** DATASET EXTRACT follows **

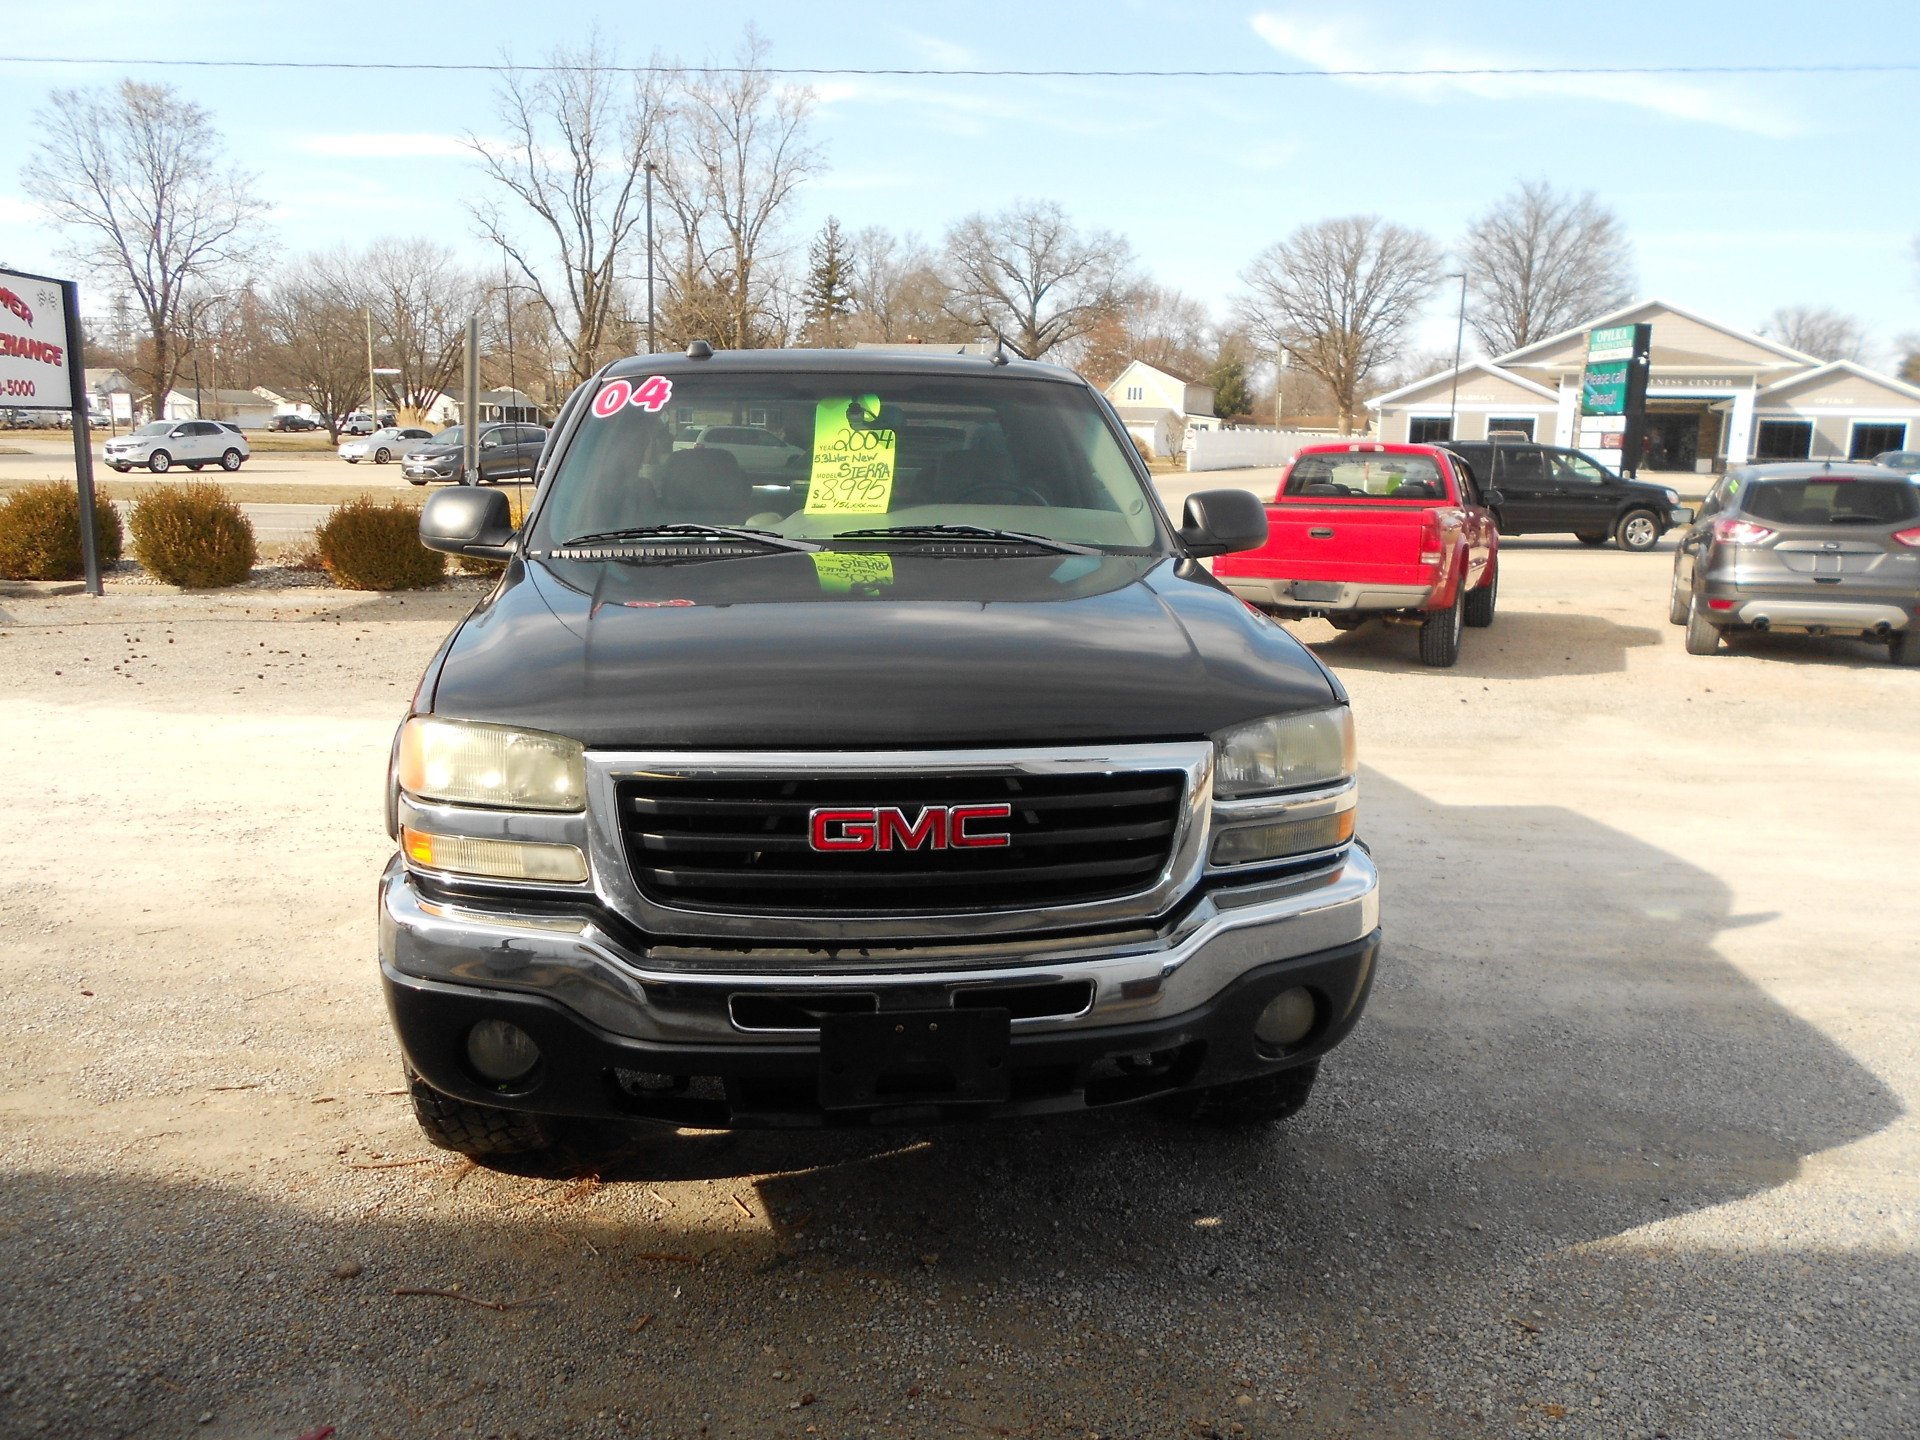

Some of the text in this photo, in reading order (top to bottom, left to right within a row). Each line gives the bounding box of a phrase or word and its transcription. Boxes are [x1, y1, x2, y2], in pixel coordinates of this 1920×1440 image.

[1584, 368, 1626, 385] Please call
[0, 379, 35, 396] -5000
[592, 376, 673, 418] 04
[1589, 390, 1616, 406] ahead!
[833, 428, 894, 452] 2004
[838, 462, 890, 480] SIERRA
[808, 803, 1011, 851] GMC
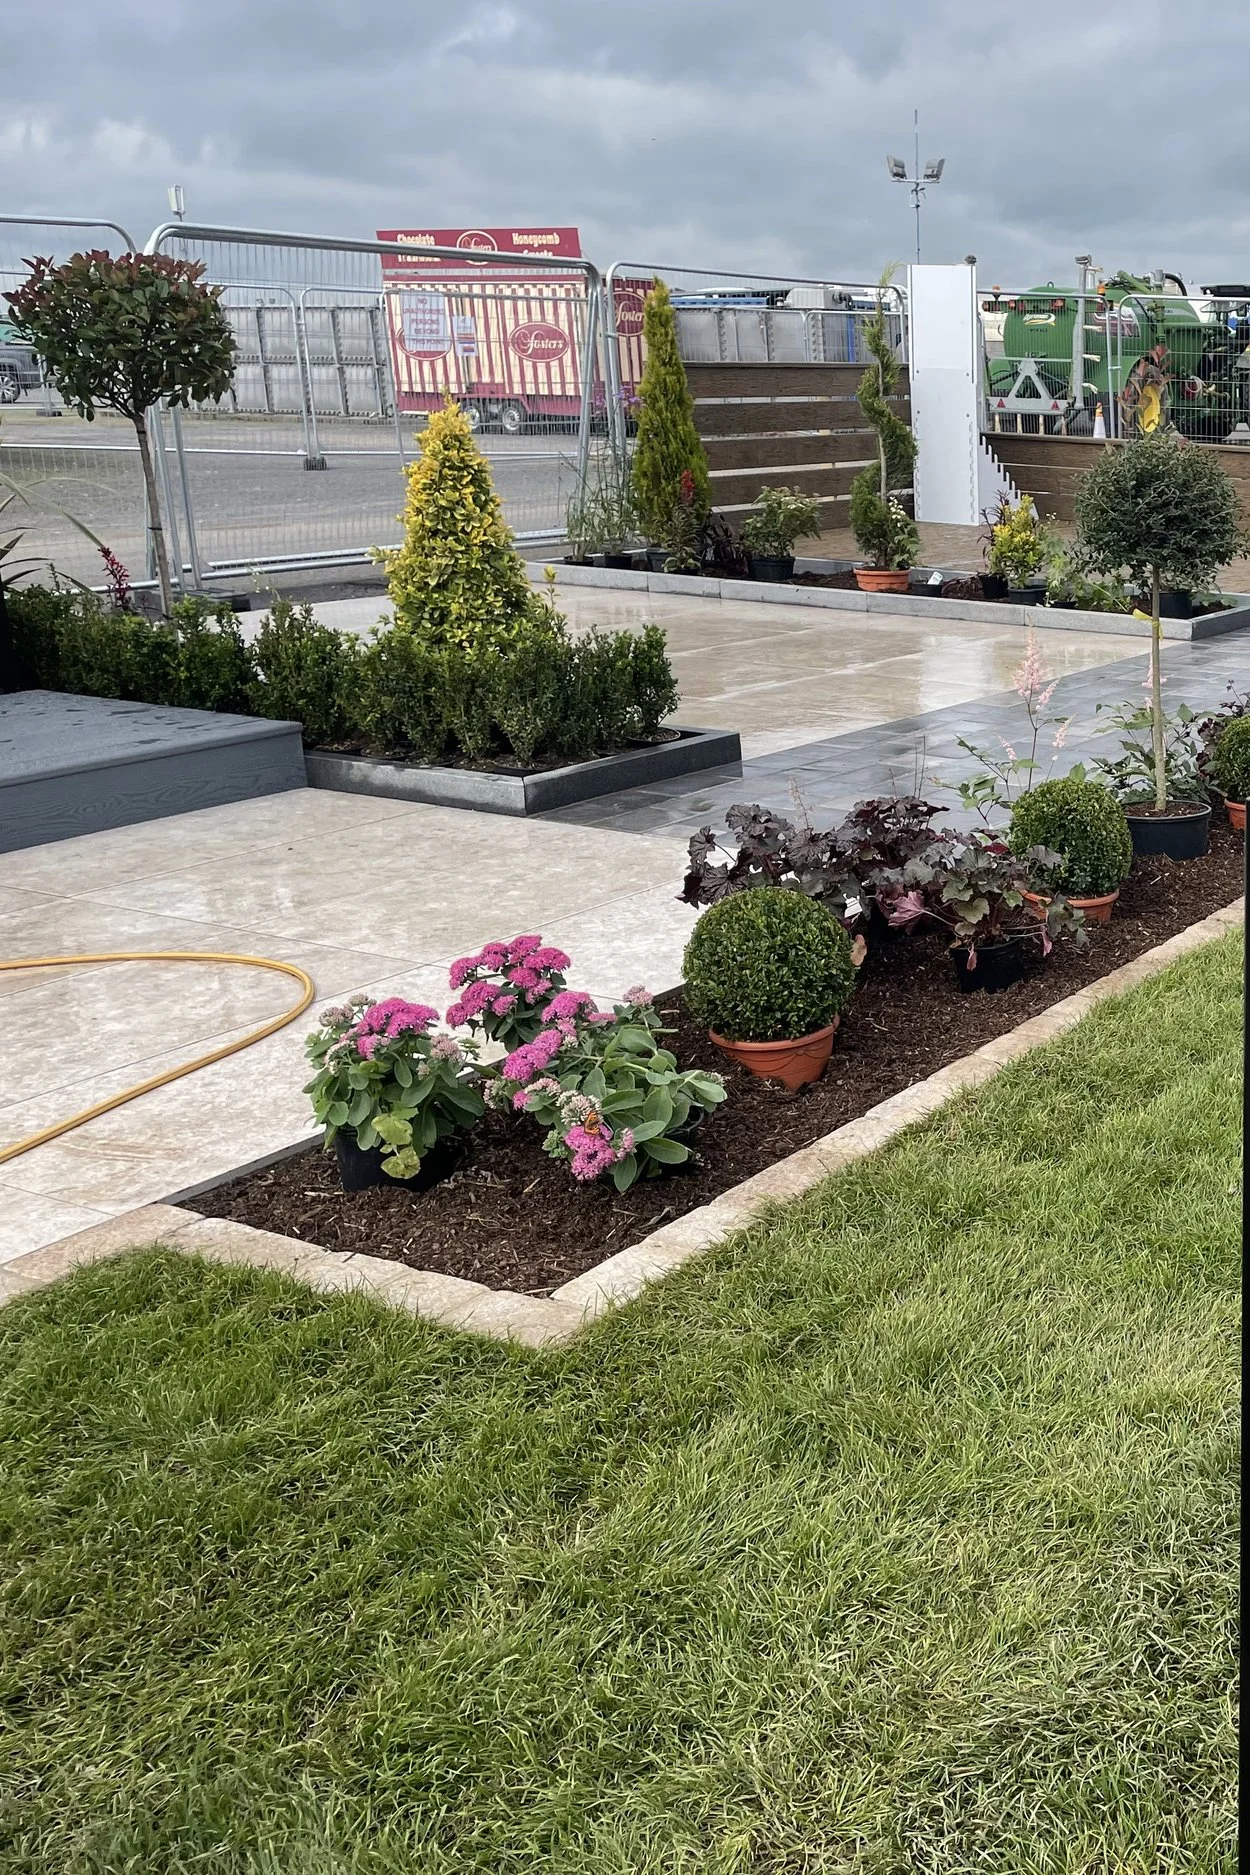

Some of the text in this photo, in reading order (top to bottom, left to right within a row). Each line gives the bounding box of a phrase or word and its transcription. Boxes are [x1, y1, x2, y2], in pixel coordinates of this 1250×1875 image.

[397, 233, 435, 246] Chocolate
[512, 232, 560, 248] Honeycomb
[514, 329, 563, 356] Fosters

** End of DATASET EXTRACT **

What you copy out must be exactly the lines from the line containing "this 1250×1875 image." through the end of the records.

Some of the text in this photo, in reading order (top to bottom, left to right within a row). Each line gives the bounding box of a phrase or word and its transcription. Boxes are [x1, y1, x2, y2], in pixel coordinates of this 1250×1875 image.

[397, 233, 435, 246] Chocolate
[512, 232, 560, 248] Honeycomb
[514, 329, 563, 356] Fosters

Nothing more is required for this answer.